О, муза! Возгордись заслугой справедливой И презрит кто тебя, сама тех презирай; Непринужденною рукой, неторопливой Чело твое зарей бессмертия венчай.

Державин сумел выдержать тон до конца, а у Пушкина на это умения нехватило: ни к селу, ни к городу приплел и клевету, и равнодушье, и глупца какого-то… Совершенно ясно: в заключительной строфе Пушкин противопоставляет свое отношение к славе отношению державинскому. Так и видишь, как Пушкин перечитывает самохвальные державинские строфы, и как по губам его пробегает насмешка: «а что бы я написал, если бы захотел тоже возгордиться заслугой? Вот бы я что написал, вот бы какие заслуги приписал себе: чувства добрые пробуждал, восславил свободу и проч.». И потом гаснет на губах насмешка, глаза становятся глубоко серьезными: неужели поэта может серьезно тешить какая-то посмертная слава? Неужели он не понимает, что обида и венец, хвала и клевета — равноправные спутники славы, что они взаимно уничтожают друг друга, что не для славы творит поэт, и что ему должно быть глубоко безразлично, что будет говорить о нем глупец?

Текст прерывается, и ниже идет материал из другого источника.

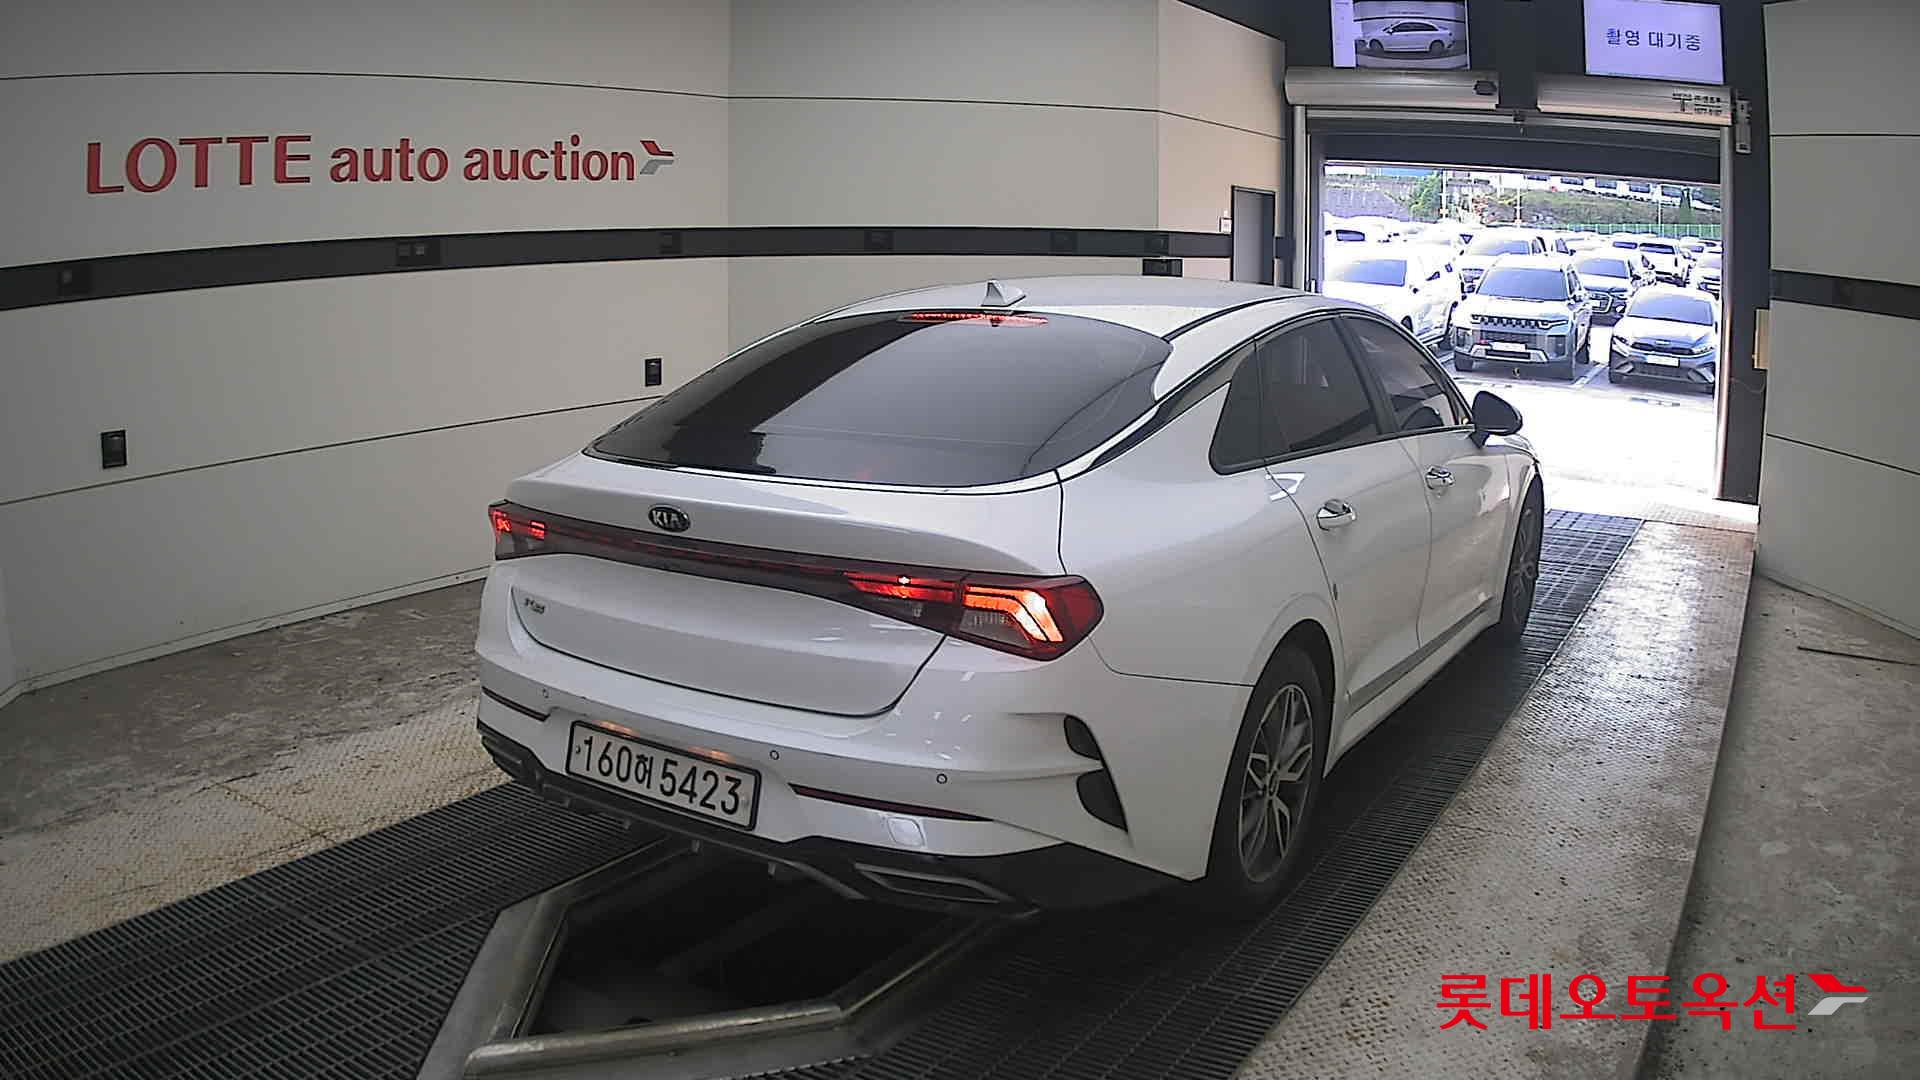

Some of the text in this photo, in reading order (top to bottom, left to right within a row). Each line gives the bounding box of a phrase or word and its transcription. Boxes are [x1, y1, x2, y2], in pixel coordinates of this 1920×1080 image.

[1606, 28, 1701, 52] 촬영 대기중
[87, 134, 636, 194] LOTTE auto auction

Последняя строфа «Памятника» во многих возбуждала и продолжает возбуждать недоуменье. Некоторые откровенно сознаются, что просто не могут ее понять. П. Н. Сакулин в вышеуказанной статье толкует ее так: «Поэт, оторвав взор от перспектив далекого будущего, обращается к своему настоящему и делает по отношению к нему мудрый вывод: спокойно творить, не обращая внимания на суд современников (48)… Перед лицом будущего малозначительным представляется настоящее с его тревогами и обидами. В конце концов венцы присуждают не современники, а потомки (54)… Во второй половине тридцатых годов Пушкин поднялся на сионские высоты духа и оттуда созерцал жизнь и людей (58)… „Памятник“ — углубленная оценка творческой жизни sub specie aeternitatis. Отрешившись от минутных интересов дня, вещим взором прозревает поэт будущее. Он — пред вратами вечности. Лучи бессмертия уже коснулись его творческого чела» (75).

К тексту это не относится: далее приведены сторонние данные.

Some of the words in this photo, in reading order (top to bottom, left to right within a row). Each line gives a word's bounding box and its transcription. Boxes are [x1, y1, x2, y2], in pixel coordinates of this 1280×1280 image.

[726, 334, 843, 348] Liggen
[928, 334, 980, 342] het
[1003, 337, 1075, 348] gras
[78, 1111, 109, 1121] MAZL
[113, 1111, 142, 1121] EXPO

Если не видеть, по-моему, бьющего в глаза, контраста между пятою строфою и первыми четырьмя, то единственным объяснением пятой строфы может быть объяснение, даваемое П. Н. Сакулиным. Но тогда совершенно непонятно, почему Пушкин, умеющий быть таким точным, не отметил в пятой строфе, что венца он не требует только от современников, и что только их хвалу он приемлет равнодушно. Я главное, какая же качественная разница между хвалою и клеветою современников и хвалою и клеветою потомства? Почему к первой славе Пушкин равнодушен, а ко второй неравнодушен? П. Н. Сакулин славу в потомстве рисует, как нечто очень величественное, «врата вечности», «луч бессмертия». Почему она более величественна, чем слава прижизненная? Если «сионские высоты», на которые в последние годы поднялся Пушкин, заключались в ожидании признания его поэтических заслуг со стороны потомства, то право же, эта «высота» — очень небольшой высоты!

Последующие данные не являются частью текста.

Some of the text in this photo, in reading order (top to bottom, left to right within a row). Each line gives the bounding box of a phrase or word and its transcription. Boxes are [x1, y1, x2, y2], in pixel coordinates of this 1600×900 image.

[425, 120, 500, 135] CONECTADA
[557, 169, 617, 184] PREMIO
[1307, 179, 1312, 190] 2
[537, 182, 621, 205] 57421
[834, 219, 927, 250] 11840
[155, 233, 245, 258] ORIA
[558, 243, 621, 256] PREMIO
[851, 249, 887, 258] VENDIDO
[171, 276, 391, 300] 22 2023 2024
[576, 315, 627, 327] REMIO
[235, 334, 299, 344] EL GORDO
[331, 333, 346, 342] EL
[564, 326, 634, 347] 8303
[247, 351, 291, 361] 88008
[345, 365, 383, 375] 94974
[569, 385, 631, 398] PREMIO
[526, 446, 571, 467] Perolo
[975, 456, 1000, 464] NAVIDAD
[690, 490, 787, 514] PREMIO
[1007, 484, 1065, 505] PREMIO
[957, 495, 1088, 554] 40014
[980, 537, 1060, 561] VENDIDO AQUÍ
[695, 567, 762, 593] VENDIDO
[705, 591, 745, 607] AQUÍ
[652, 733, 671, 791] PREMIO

П. Н. Сакулин приводит выдержки из стихотворений Пушкина, неслучайно все из отроческих и юношеских, в которых поэт мечтает о славе в потомстве. Между прочий, один черновой набросок, относящийся к 1823 г.:

Быть может, этот стих небрежный Переживет мой век мятежный. Могу ль воскликнуть… Exegi monumentum я Воздвигнул памятник.